Rain pelted his upturned face. The howling gale tore away his words. Pharon angled his unsteady walk on the pitching deck-planks to the starboard rail, clinging with wet fingers as he tried to stare through the gloom and rain.

The captain saw him and cupped his lips to bellow, “We are between Chios and the mainland, as near as I can make it.” In these straits a ship had small room to maneuver. It was toss and wallow and wait for the next wave to lift it closer to the rocks. Two men were at the steer-post, clinging with heavy hands to keep the ship as much before the wind as possible, but the gale was a chancy thing. It veered and shifted, coming from the open sea, from the unseen mainland, from behind and before them.

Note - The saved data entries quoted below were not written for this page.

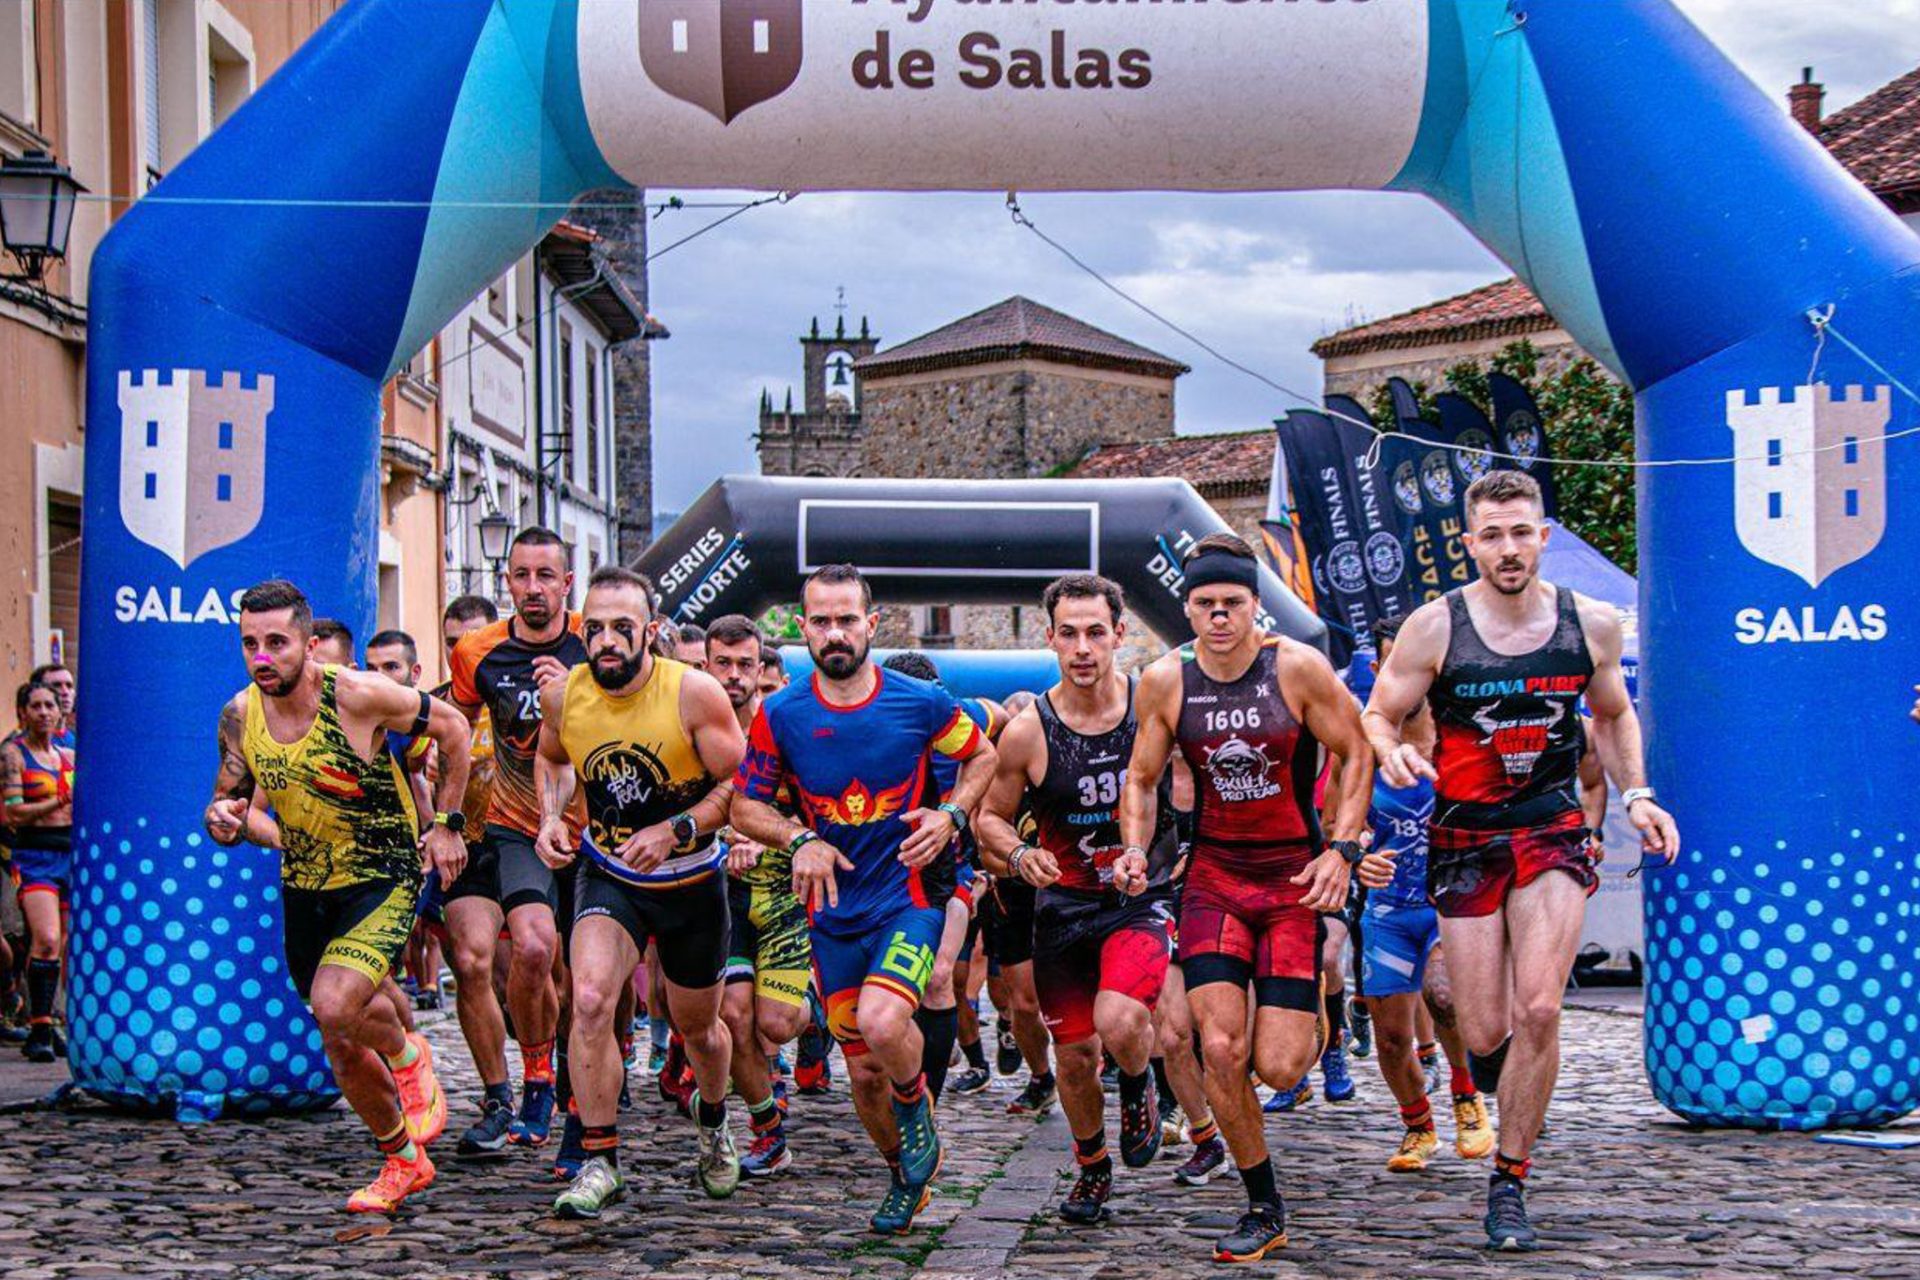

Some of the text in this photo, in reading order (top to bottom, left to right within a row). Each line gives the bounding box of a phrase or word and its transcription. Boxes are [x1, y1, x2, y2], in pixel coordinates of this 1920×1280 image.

[851, 30, 1152, 89] de Salas
[1320, 466, 1350, 540] FINALS
[659, 526, 724, 594] SERIES
[1441, 516, 1469, 580] ACE
[680, 549, 751, 620] NORTE
[1145, 553, 1186, 598] DEL
[1734, 604, 1888, 645] SALAS
[1205, 707, 1261, 732] 1606
[260, 771, 287, 790] 336
[1078, 768, 1130, 806] 33

In front of him, Pharon could make out the great bronze ram towering high as the penteconter seemed to balance on its rudder. A moment it stood while the breath scratched his throat and he wondered if the ship were about to pitch over onto its deck. All hands would be crushed flat by the impact, should that happen.

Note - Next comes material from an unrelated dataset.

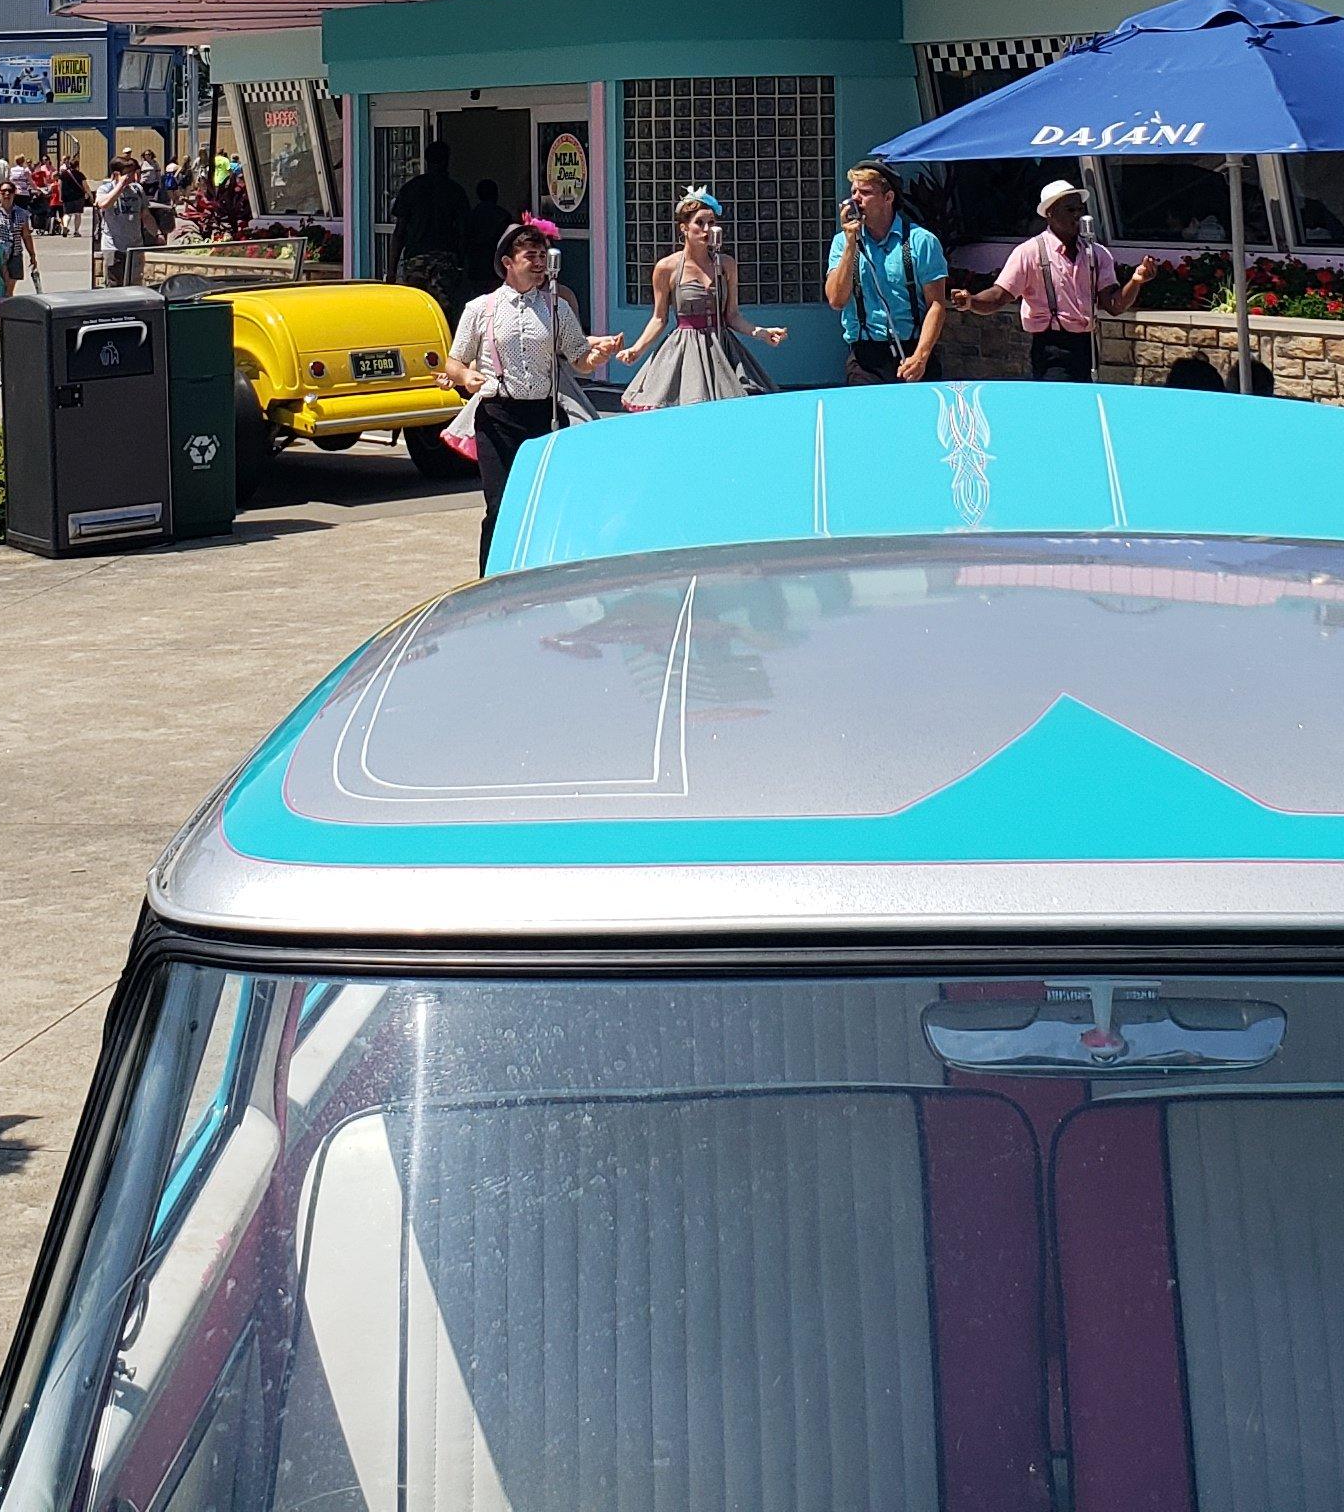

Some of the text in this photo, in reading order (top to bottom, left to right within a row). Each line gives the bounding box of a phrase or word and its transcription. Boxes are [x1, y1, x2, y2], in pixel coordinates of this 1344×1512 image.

[55, 76, 88, 94] IMPACT
[1030, 122, 1205, 150] DASANI
[554, 152, 579, 166] MEAL
[359, 358, 394, 372] 32 FORD

“A gold statue to Pallas Athena if we get out of this alive,” he vowed, and heard the wind increase in volume as it whistled through the straits.

I am too young to die. I have all my life before me. I could hope to be Archon succeeding my father, with any luck.

Pharon laughed at his momentary despair. A man bowed to his moira, accepting it as the ordination of the gods. Somewhere on Olympus in Thessaly, an offended immortal was paying him back for an injury. Or, the captain. Or one of the crewmen. It made no difference, all would die if the god were angry enough to take a life.

Pharon was a big man. The blood of the Dorian invaders who had swept into Hellas three centuries ago to overwhelm and then absorb the Achaeans, beat strongly in his veins. His hair was almost golden, his skin tanned to old bronze. He was one of the tall people with iron swords before whom the bronze weapons of the Mycenaeans—the conquerors of Troy—could not stand.

As the men of Tiryns and Mycenae had found their Dorian enemies irresistible, so this Dorian found the sea. It was too vast to be overcome. A man bowed to it as to his destiny and hoped its vengeance was not for him.

Pharon grunted. To think this way lay death. In the heat of battle a man must think himself unbeatable or else he would be beaten. It might be so against the sea. His hands opened and closed again about the rail in utter helplessness. In a fight he knew what to do but here he was as a lamb before the wolf. He had no weapon with which to battle the waves, no shield to act as buffer to the gale.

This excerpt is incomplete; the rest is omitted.